BEGIN Dataset records
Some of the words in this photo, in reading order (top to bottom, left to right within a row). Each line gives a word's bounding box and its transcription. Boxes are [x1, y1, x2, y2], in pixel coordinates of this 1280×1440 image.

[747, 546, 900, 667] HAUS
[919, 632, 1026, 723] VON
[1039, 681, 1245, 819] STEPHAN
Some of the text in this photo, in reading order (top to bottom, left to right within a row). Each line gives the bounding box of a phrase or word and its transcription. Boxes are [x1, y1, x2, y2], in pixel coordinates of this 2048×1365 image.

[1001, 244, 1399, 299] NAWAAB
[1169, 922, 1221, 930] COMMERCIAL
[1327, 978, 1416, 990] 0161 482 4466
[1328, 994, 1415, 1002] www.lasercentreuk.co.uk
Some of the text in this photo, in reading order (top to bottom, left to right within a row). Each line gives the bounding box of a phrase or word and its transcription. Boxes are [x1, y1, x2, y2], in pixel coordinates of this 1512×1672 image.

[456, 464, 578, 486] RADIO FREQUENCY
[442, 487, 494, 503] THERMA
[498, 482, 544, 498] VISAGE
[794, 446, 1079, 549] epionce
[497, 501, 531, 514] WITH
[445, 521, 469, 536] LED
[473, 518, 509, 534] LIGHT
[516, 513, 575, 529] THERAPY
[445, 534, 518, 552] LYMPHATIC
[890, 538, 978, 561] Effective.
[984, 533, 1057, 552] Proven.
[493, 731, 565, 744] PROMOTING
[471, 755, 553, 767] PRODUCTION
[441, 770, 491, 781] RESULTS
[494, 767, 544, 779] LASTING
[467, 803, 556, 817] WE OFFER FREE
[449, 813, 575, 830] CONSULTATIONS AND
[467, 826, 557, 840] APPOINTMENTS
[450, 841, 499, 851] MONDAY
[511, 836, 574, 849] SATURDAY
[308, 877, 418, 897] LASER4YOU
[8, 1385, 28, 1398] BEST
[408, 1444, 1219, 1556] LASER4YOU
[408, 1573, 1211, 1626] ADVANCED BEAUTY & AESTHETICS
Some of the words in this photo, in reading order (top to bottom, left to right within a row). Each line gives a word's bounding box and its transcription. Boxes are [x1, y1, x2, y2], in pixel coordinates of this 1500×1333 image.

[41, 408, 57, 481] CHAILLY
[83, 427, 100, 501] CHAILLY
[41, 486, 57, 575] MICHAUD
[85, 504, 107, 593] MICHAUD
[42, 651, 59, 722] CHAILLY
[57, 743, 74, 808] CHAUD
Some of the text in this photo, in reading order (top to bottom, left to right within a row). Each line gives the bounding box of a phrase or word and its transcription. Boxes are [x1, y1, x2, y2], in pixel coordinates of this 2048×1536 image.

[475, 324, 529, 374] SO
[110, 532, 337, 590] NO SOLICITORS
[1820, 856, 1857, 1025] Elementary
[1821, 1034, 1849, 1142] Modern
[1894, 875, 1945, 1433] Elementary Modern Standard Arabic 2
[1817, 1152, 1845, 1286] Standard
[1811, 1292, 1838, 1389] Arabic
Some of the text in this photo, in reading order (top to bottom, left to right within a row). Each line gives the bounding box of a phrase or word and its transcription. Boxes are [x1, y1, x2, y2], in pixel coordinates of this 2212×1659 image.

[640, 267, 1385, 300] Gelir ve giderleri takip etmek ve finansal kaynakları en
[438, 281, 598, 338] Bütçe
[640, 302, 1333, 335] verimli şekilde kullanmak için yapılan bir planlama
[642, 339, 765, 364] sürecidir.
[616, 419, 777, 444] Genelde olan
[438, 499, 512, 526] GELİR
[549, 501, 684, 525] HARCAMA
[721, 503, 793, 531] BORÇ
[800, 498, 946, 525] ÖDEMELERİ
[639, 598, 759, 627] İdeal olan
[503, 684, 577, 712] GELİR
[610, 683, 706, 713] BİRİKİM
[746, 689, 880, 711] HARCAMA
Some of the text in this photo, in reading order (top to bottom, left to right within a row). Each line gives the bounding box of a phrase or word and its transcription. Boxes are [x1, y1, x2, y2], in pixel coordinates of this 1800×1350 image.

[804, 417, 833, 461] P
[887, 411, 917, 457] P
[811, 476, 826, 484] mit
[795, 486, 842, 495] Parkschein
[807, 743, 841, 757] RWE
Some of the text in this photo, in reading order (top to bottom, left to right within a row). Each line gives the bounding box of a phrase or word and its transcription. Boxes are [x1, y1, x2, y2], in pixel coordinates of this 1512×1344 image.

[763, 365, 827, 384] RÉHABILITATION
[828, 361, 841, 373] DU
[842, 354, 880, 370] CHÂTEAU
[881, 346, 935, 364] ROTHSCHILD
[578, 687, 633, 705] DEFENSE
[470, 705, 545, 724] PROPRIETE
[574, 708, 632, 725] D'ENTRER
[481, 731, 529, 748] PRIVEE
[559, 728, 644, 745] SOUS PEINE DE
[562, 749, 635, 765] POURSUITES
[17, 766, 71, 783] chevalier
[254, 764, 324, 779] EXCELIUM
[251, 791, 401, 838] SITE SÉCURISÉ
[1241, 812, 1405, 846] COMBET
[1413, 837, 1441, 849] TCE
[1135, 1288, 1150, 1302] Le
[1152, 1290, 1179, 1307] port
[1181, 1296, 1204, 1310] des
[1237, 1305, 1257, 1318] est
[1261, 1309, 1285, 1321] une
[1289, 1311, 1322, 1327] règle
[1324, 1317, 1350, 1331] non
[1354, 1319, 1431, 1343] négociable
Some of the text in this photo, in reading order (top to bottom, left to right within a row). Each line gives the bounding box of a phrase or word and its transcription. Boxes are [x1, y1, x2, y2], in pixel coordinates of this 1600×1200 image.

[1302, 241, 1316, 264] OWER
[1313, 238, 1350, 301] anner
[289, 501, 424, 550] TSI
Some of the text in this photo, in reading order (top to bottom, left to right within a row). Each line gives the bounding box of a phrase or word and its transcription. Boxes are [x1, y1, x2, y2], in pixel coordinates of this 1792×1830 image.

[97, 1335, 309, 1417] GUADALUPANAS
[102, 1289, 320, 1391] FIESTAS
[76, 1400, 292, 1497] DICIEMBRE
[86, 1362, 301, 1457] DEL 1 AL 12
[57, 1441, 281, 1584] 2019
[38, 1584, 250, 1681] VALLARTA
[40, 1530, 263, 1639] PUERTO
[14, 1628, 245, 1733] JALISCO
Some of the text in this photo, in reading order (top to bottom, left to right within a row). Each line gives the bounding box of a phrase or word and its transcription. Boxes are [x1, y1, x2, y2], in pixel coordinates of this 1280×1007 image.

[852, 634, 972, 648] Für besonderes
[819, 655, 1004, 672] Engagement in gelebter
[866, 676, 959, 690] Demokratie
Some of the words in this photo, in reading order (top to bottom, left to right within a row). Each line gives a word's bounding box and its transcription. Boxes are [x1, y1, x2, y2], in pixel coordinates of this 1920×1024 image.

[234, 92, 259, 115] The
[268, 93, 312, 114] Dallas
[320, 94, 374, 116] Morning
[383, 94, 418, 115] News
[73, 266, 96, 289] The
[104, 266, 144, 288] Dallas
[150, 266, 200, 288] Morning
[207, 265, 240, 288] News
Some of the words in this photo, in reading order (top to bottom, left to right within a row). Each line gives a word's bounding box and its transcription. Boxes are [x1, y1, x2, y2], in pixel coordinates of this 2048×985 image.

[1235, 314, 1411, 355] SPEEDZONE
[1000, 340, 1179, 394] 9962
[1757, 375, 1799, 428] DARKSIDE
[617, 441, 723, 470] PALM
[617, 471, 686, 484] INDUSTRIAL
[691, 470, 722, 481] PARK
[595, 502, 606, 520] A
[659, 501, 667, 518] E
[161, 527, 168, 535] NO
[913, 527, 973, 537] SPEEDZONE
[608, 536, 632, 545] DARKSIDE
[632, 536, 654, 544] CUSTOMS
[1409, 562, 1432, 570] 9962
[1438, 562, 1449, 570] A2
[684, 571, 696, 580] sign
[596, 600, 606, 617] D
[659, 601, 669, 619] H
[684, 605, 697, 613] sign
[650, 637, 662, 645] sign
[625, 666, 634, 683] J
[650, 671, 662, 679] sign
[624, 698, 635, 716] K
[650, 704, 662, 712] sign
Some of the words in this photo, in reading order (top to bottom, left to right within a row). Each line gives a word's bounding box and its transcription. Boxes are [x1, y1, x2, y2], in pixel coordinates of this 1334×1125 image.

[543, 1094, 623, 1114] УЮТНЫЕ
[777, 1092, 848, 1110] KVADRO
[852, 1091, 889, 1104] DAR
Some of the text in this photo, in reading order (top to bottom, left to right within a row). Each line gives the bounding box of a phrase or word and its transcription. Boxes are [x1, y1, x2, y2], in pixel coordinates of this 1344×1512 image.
END Dataset records
> [Problem requirements]
Output only a verbatim copy of the lines spanning from the line that contains "this 2048×985 image." to the end of the records above.

> [Exercise solution]
Some of the words in this photo, in reading order (top to bottom, left to right within a row). Each line gives a word's bounding box and its transcription. Boxes are [x1, y1, x2, y2], in pixel coordinates of this 2048×985 image.

[1235, 314, 1411, 355] SPEEDZONE
[1000, 340, 1179, 394] 9962
[1757, 375, 1799, 428] DARKSIDE
[617, 441, 723, 470] PALM
[617, 471, 686, 484] INDUSTRIAL
[691, 470, 722, 481] PARK
[595, 502, 606, 520] A
[659, 501, 667, 518] E
[161, 527, 168, 535] NO
[913, 527, 973, 537] SPEEDZONE
[608, 536, 632, 545] DARKSIDE
[632, 536, 654, 544] CUSTOMS
[1409, 562, 1432, 570] 9962
[1438, 562, 1449, 570] A2
[684, 571, 696, 580] sign
[596, 600, 606, 617] D
[659, 601, 669, 619] H
[684, 605, 697, 613] sign
[650, 637, 662, 645] sign
[625, 666, 634, 683] J
[650, 671, 662, 679] sign
[624, 698, 635, 716] K
[650, 704, 662, 712] sign
Some of the words in this photo, in reading order (top to bottom, left to right within a row). Each line gives a word's bounding box and its transcription. Boxes are [x1, y1, x2, y2], in pixel coordinates of this 1334×1125 image.

[543, 1094, 623, 1114] УЮТНЫЕ
[777, 1092, 848, 1110] KVADRO
[852, 1091, 889, 1104] DAR
Some of the text in this photo, in reading order (top to bottom, left to right within a row). Each line gives the bounding box of a phrase or word and its transcription. Boxes are [x1, y1, x2, y2], in pixel coordinates of this 1344×1512 image.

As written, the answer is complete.